Global Frequency Capping
One of the reasons programmatic branding has yet to gain serious ground with marketers is because of waste. This is both real (lots of wasted impressions due to invisible ads or robotic traffic) and perceived (how many impressions are ineffective due to frequency issues). The former problem is getting solved by smart technology, and already somewhat mitigated by market pricing. But the latter problem is solvable with data management. Assuming the marketer understands the ideal effective frequency of impressions per channel, or on a global basis, a DMP can manage how many impressions an individual sees by controlling segment membership in various platforms. Let’s say the ideal frequency for cereal advertising aimed at Moms is 30 per day across channels. The advertiser knows less than 30 impressions lessens effectiveness—and over 30 impressions has negligible impact. Advertisers using multiple channels (direct-to-publisher, plus a mobile, video, and display DSPs) are likely over serving impressions in each channel, and maybe underserving in key channels like video. Connecting user identity helps control global frequency, and can save literally millions of dollars, while optimizing the effectiveness of cross-channel advertising.

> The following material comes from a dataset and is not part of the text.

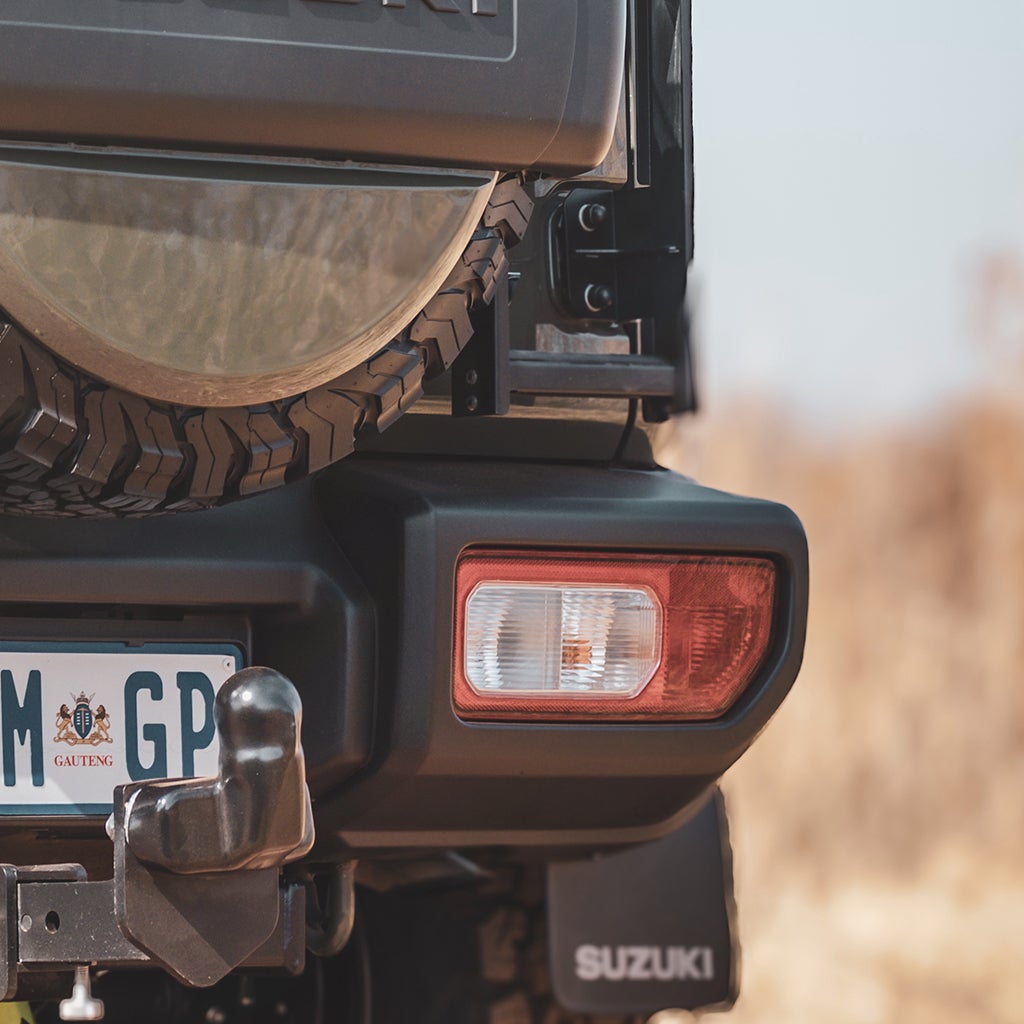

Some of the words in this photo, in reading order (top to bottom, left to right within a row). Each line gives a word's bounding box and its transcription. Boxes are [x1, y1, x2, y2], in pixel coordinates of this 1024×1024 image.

[124, 671, 216, 781] GP
[54, 754, 113, 767] GAUTENG
[575, 944, 714, 981] SUZUKI
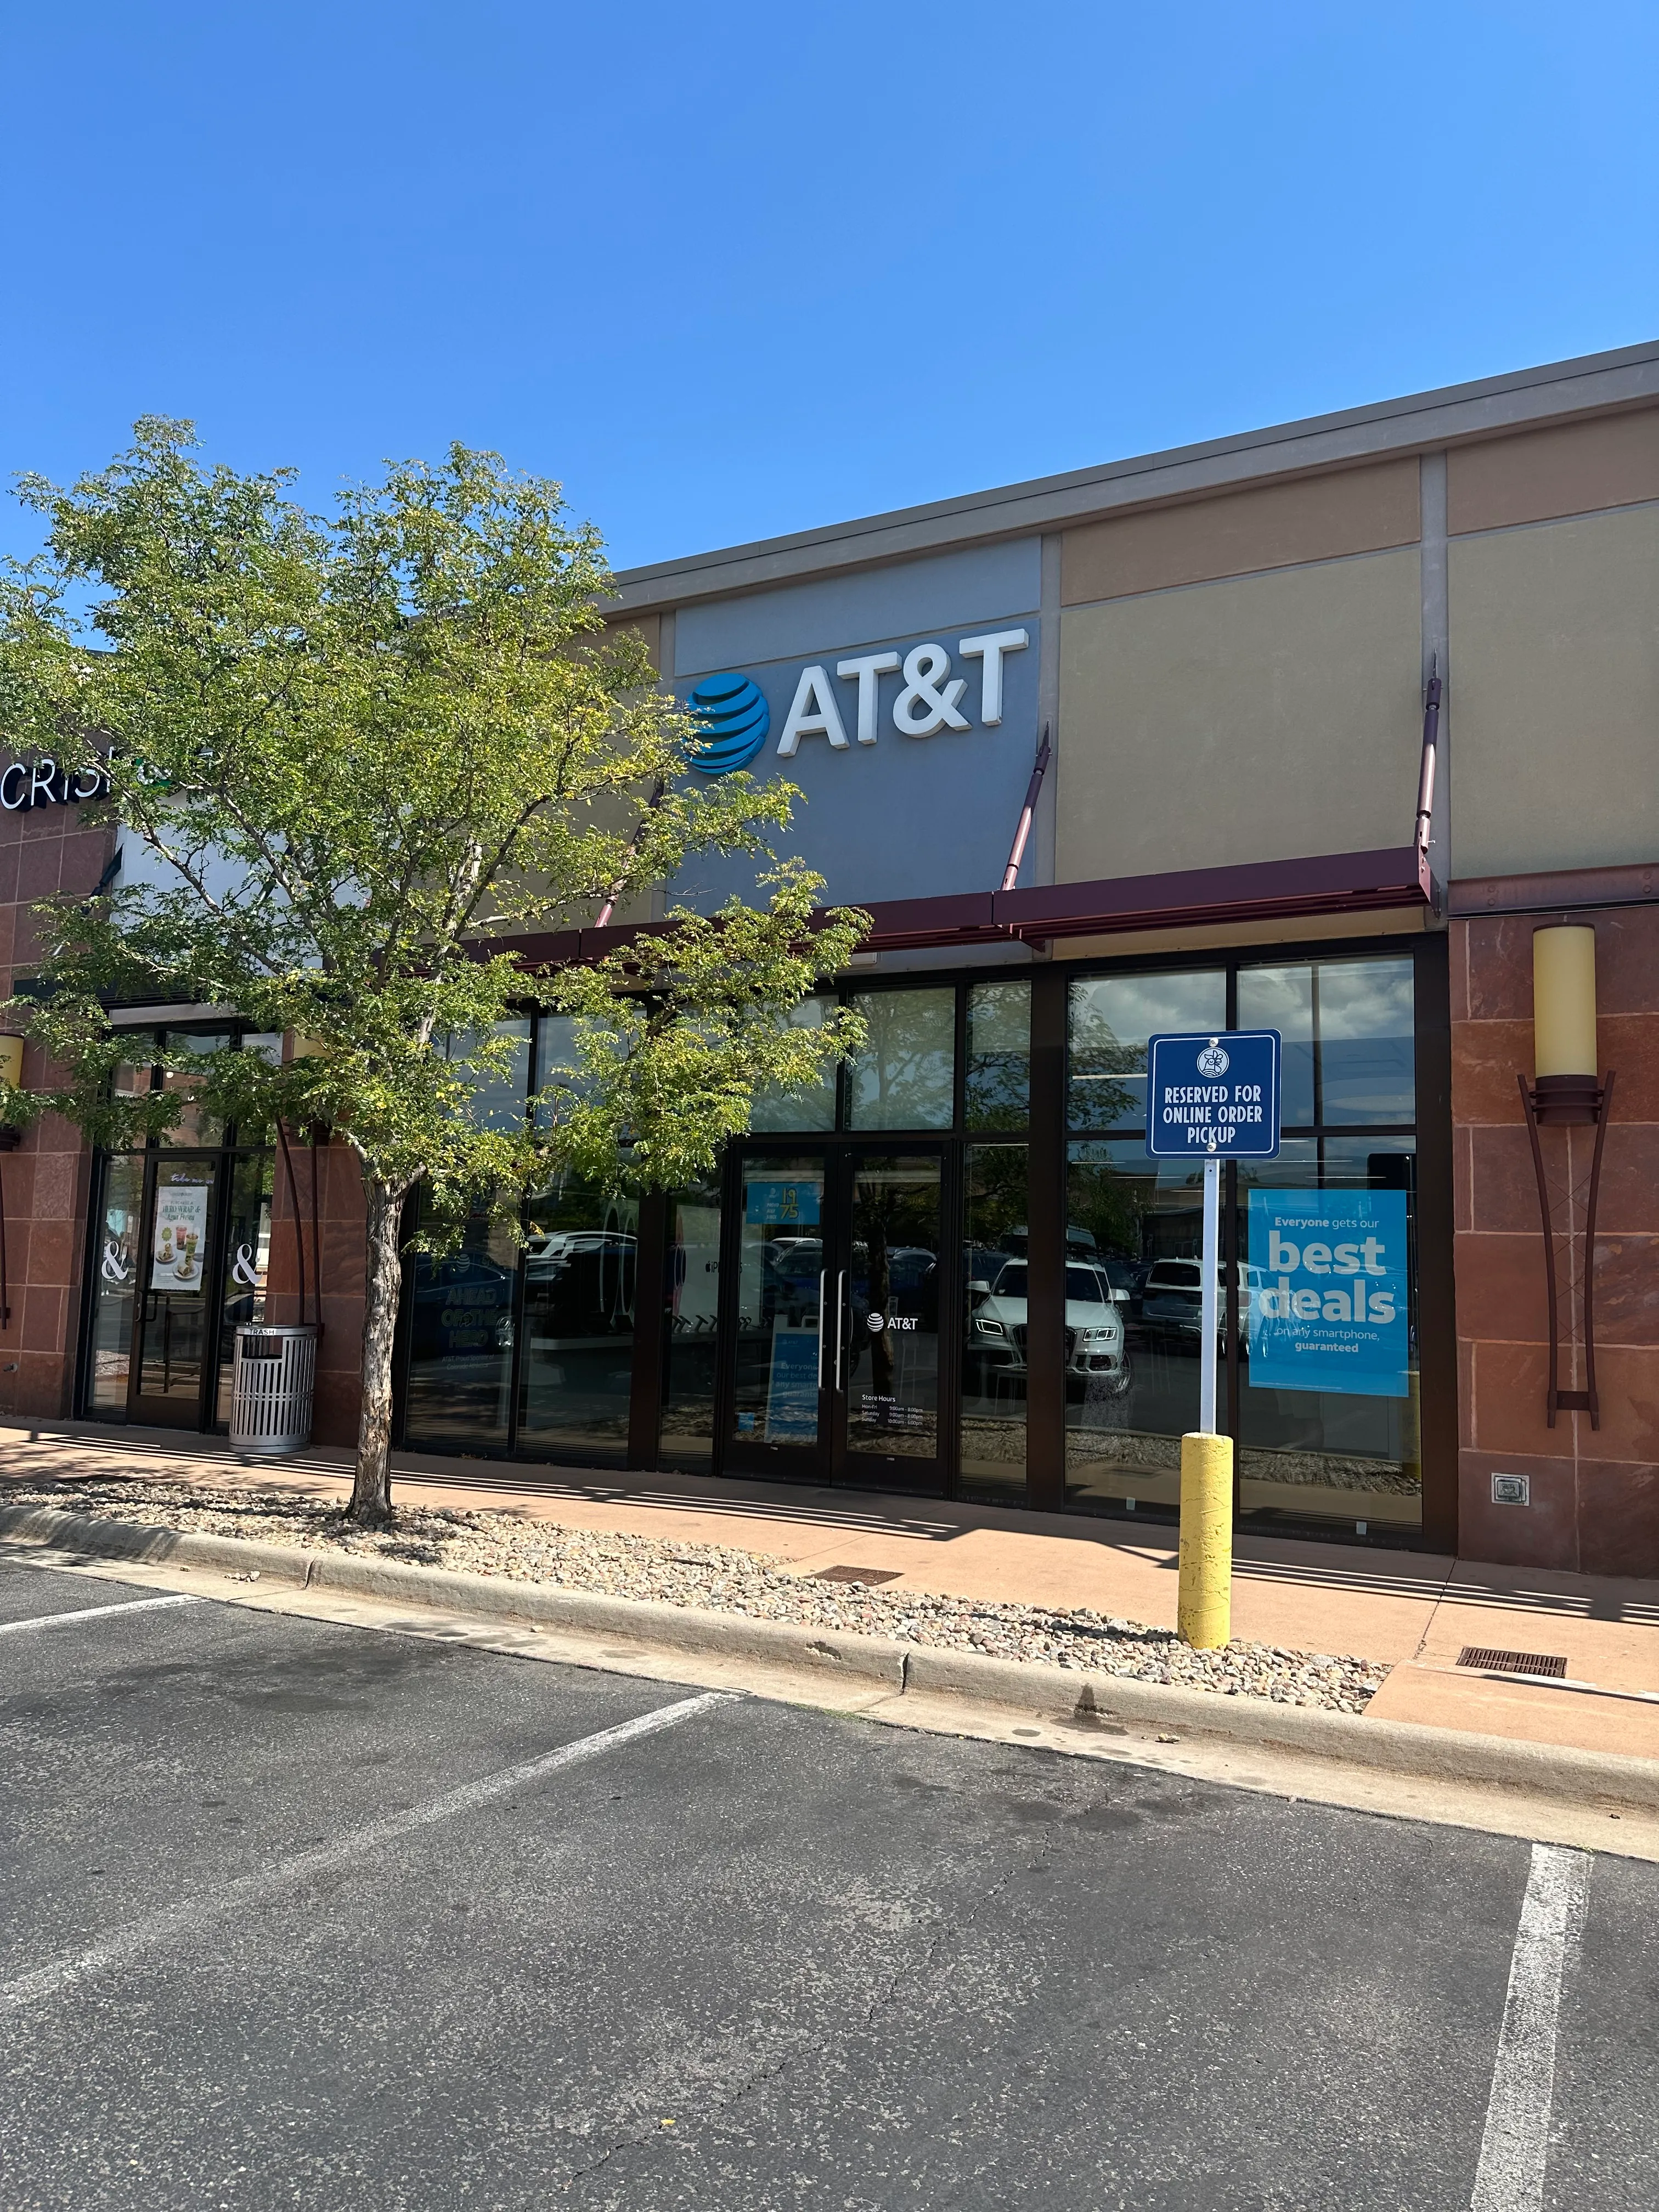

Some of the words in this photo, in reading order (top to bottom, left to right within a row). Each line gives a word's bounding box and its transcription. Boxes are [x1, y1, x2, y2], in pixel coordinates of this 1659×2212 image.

If “right person” technology is enabled as above, then it makes sense to try and get to “right place and right time.” Data management can enable this Holy Grail of branding, helping marketers create relevance for consumers as they embark on the customer journey. What brand marketers have dreamed of is now possible, and starting to happen. Dad, in the auto-intender bucket, gets exposed to a 15 second pre-roll ad before logging into his newspaper subscription on his tablet in the morning; gets the message reinforced by more equity display ads in the afternoon at work; and, while checking messages on his mobile phone on the way home, gets an offer for $500 off with a qualified test drive. After he hits the dealership and checks in via the CRM system, he receives an e-mail thanking him for his visit and reminding him of the $500 coupon he earned. These tactics are not possible without tying both user identity and systems together. Doing so not only enables sequential messaging, but also the ability to test and measure different approaches (A/B testing).
Cross Channel Attribution
How about attribution? It’s impossible to perform cross-channel attribution without knowing who saw what ad. At the end of the day, it’s really about the insights. Proctor and Gamble is famous for spending millions of dollars every year to understand the “moment of truth,” or why people choose Tide over Surf detergent. Although they know consumer segmentation and behavior better than anyone, even the biggest brand marketers struggle to gain quality insights from digital channels. Data management is starting to make a more reliable view possible. Brand advertising is just another form of investment. Money is the input, and the output is sales and—as important—data on what drove those sales. In the past, brand marketers were reliant upon panel-based measurement to judge campaign effectiveness. Now, data management helps brands understand which channels drove results—and how each contributed. It is early days for truly reliable cross-channel attribution modeling, but we are finally starting to see the death of the “last click” model. Smart marketers are using data to author their own flexible attribution models, making sure all channels involved receive variable credit for driving the final action. In the near future, machine learning will help drive dynamic models, which flex over time as new signals are acquired. We will then start to see just how effective (or not) tactics like standard display advertising are for driving upper funnel engagement.
So, is 2015 the year for programmatic branding? For a select group of marketers that are leveraging data management to enable the best practices outlines above, yes. The more accurately marketers can map online user identity and understand results, the more investment will flow from linear to addressable channels.